From: "Fabian Grünbichler" <f.gruenbichler@proxmox.com>
To: Denis Kanchev <denis.kanchev@storpool.com>
Cc: Wolfgang Bumiller <w.bumiller@proxmox.com>,
Proxmox VE development discussion <pve-devel@lists.proxmox.com>
Subject: Re: [pve-devel] PVE child process behavior question
Date: Mon, 2 Jun 2025 09:37:17 +0200 (CEST) [thread overview]
Message-ID: <1695649345.530.1748849837156@webmail.proxmox.com> (raw)
In-Reply-To: <CAHXTzumXeyJQQCj+45Hmy5qdU+BTFBYbHVgPy0u3VS-qS=_bDQ@mail.gmail.com>
> Denis Kanchev <denis.kanchev@storpool.com> hat am 29.05.2025 09:33 CEST geschrieben:
>
>
> The issue here is that the storage plugin activate_volume() is called after migration cancel which in case of network shared storage can make things bad.
> This is a sort of race condition, because migration_cancel wont stop the storage migration on the remote server. As you can see below a call to activate_volume() is performed after migration_cancel.
> In this case we issue volume detach from the old node ( to keep the data consistent ) and we end up with a VM ( not migrated ) without this volume attached.
> We keep a track if activate_volume() is used for migration by the flag 'lock' => 'migrate', which is cleared on migration_cancel - in case of migration we won't detach the volume from the old VM.
> In short: when the parent of this storage migration task gets killed, the source node stops the migration, but the storage migration on the destination node continues.
>
> Source node:
> 2025-04-11 03:26:50 starting migration of VM 2421 to node 'telpr01pve03' (10.10.17.3)
> 2025-04-11 03:26:50 starting VM 2421 on remote node 'telpr01pve03'
> 2025-04-11 03:26:52 ERROR: online migrate failure - remote command failed with exit code 255
> 2025-04-11 03:26:52 aborting phase 2 - cleanup resources
> 2025-04-11 03:26:52 migrate_cancel # <<< NOTE the time2025-04-11 03:26:53 ERROR: migration finished with problems (duration 00:00:03)
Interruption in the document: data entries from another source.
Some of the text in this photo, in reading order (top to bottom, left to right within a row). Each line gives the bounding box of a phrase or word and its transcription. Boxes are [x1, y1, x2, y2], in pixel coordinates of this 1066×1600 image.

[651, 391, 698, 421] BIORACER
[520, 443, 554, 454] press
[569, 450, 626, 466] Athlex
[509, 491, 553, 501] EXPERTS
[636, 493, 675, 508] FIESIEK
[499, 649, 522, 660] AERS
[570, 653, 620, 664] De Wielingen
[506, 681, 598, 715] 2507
> TASK ERROR: migration problems
could you provide the full migration task log and the VM config?
I thought your storage plugin is a shared storage, so there is no storage migration at all, yet you keep talking about storage migration?
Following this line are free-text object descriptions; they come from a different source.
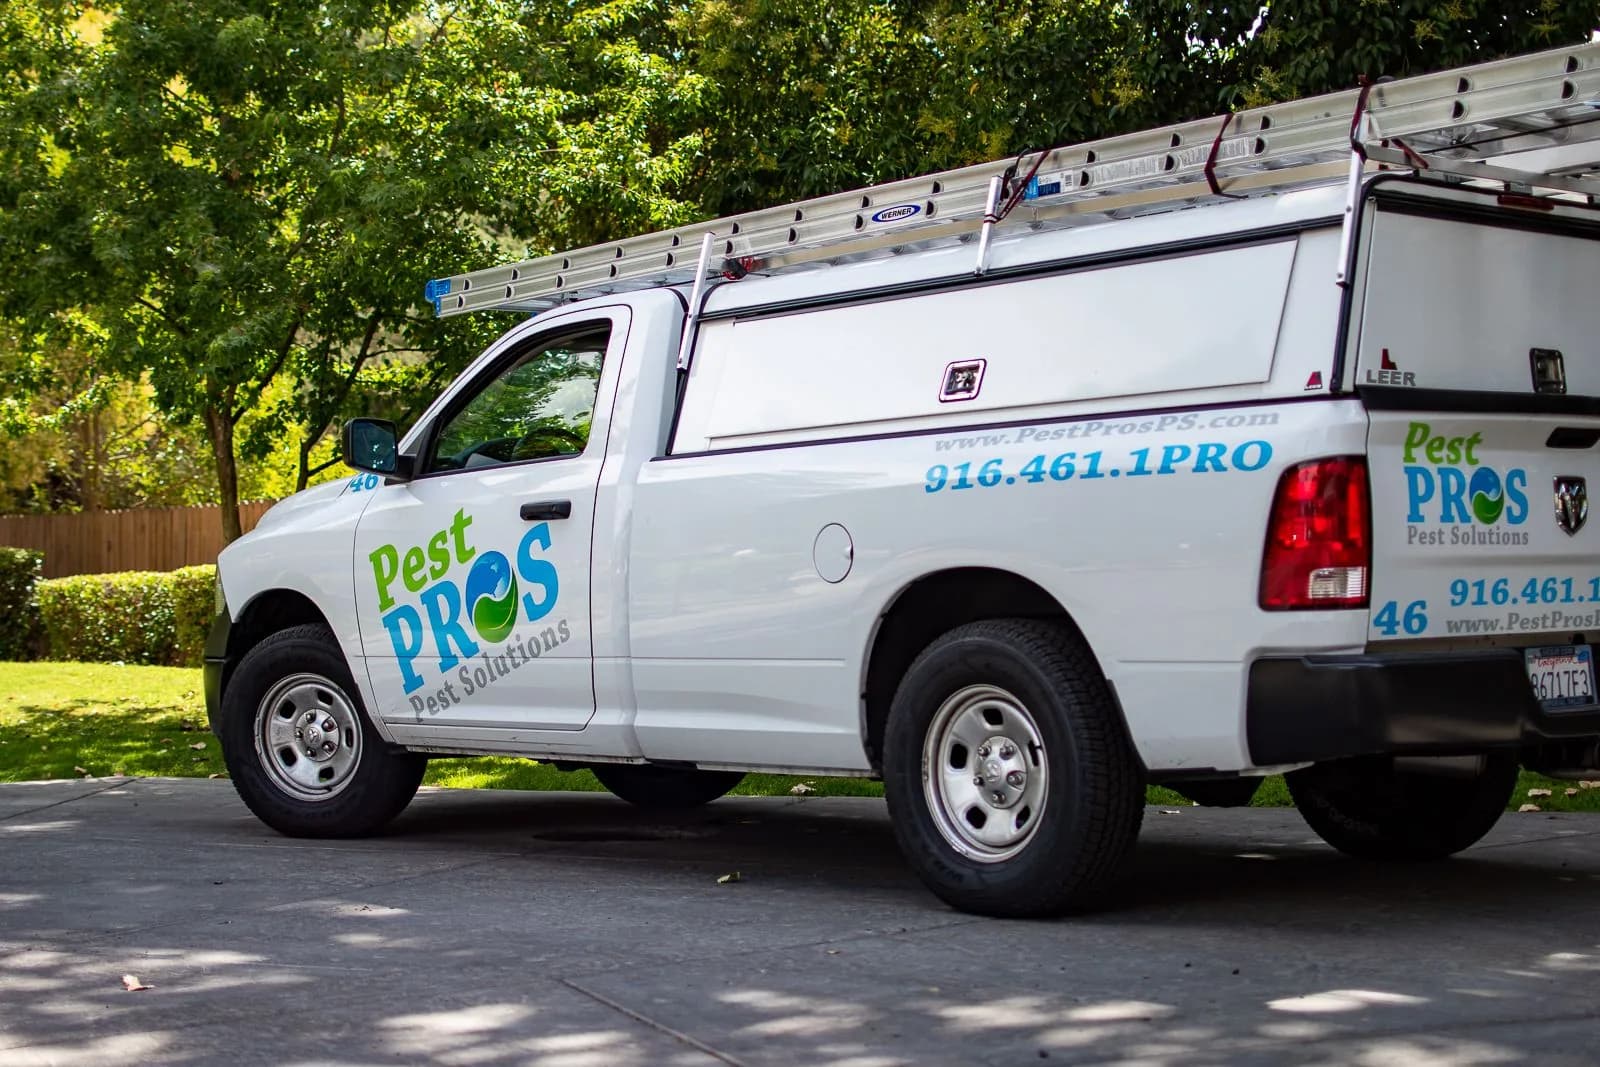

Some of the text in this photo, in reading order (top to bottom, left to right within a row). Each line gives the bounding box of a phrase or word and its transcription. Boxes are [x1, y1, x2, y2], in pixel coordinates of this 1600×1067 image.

[881, 207, 912, 220] WERNER
[1366, 369, 1416, 387] LEER
[935, 410, 1280, 453] www.PestProsPS.com
[1403, 422, 1483, 466] Pest
[350, 471, 379, 493] 46
[925, 439, 1274, 494] 916.461.1PRO
[1403, 466, 1529, 525] PROS
[1407, 525, 1529, 546] Pest Solutions
[369, 507, 476, 613] Pest
[382, 522, 559, 695] PROS
[1373, 600, 1428, 636] 46
[409, 618, 571, 723] Pest Solutions
> Destination node:2025-04-11T03:26:51.559671+07:00 telpr01pve03 qm[3670216]: <root@pam> starting task UPID:telpr01pve03:003800D4:00928867:67F8298B:qmstart:2421:root@pam:
> 2025-04-11T03:26:51.559897+07:00 telpr01pve03 qm[3670228]: start VM 2421: UPID:telpr01pve03:003800D4:00928867:67F8298B:qmstart:2421:root@pam:
so starting the VM on the target node failed? why?
> 2025-04-11T03:26:51.837905+07:00 telpr01pve03 qm[3670228]: StorPool plugin: Volume ~bj7n.b.abe is related to VM 2421, checking status ### Call to PVE::Storage::Plugin::activate_volume()2025-04-11T03:26:53.072206+07:00 telpr01pve03 qm[3670228]: StorPool plugin: NOT a live migration of VM 2421, will force detach volume ~bj7n.b.abe ###'lock' flag missing
> 2025-04-11T03:26:53.108206+07:00 telpr01pve03 qm[3670228]: StorPool plugin: Volume ~bj7n.b.sdj is related to VM 2421, checking status ### Second call to activate_volume() after migrate_cancel2025-04-11T03:26:53.903357+07:00 telpr01pve03 qm[3670228]: StorPool plugin: NOT a live migration of VM 2421, will force detach volume ~bj7n.b.sdj###'lock' flag missing
>
>
>
>
> On Wed, May 28, 2025 at 9:33 AM Fabian Grünbichler <f.gruenbichler@proxmox.com> wrote:
> >
> > > Denis Kanchev <denis.kanchev@storpool.com> hat am 28.05.2025 08:13 CEST geschrieben:
> > >
> > >
> > > Here is the task log
> > > 2025-04-11 03:45:42 starting migration of VM 2282 to node 'telpr01pve05' (10.10.17.5)
> > > 2025-04-11 03:45:42 starting VM 2282 on remote node 'telpr01pve05'
> > > 2025-04-11 03:45:45 [telpr01pve05] Warning: sch_htb: quantum of class 10001 is big. Consider r2q change.
> > > 2025-04-11 03:45:46 [telpr01pve05] Dump was interrupted and may be inconsistent.
> > > 2025-04-11 03:45:46 [telpr01pve05] kvm: failed to find file '/usr/share/qemu-server/bootsplash.jpg'
> > > 2025-04-11 03:45:46 start remote tunnel
> > > 2025-04-11 03:45:46 ssh tunnel ver 1
> > > 2025-04-11 03:45:46 starting online/live migration on unix:/run/qemu-server/2282.migrate
> > > 2025-04-11 03:45:46 set migration capabilities
> > > 2025-04-11 03:45:46 migration downtime limit: 100 ms
> > > 2025-04-11 03:45:46 migration cachesize: 4.0 GiB
> > > 2025-04-11 03:45:46 set migration parameters
> > > 2025-04-11 03:45:46 start migrate command to unix:/run/qemu-server/2282.migrate
> > > 2025-04-11 03:45:47 migration active, transferred 152.2 MiB of 24.0 GiB VM-state, 162.1 MiB/s
> > > ...
> > > 2025-04-11 03:46:49 migration active, transferred 15.2 GiB of 24.0 GiB VM-state, 2.0 GiB/s
> > > 2025-04-11 03:46:50 migration status error: failed
> > > 2025-04-11 03:46:50 ERROR: online migrate failure - aborting
> > > 2025-04-11 03:46:50 aborting phase 2 - cleanup resources
> > > 2025-04-11 03:46:50 migrate_cancel
> > > 2025-04-11 03:46:52 ERROR: migration finished with problems (duration 00:01:11)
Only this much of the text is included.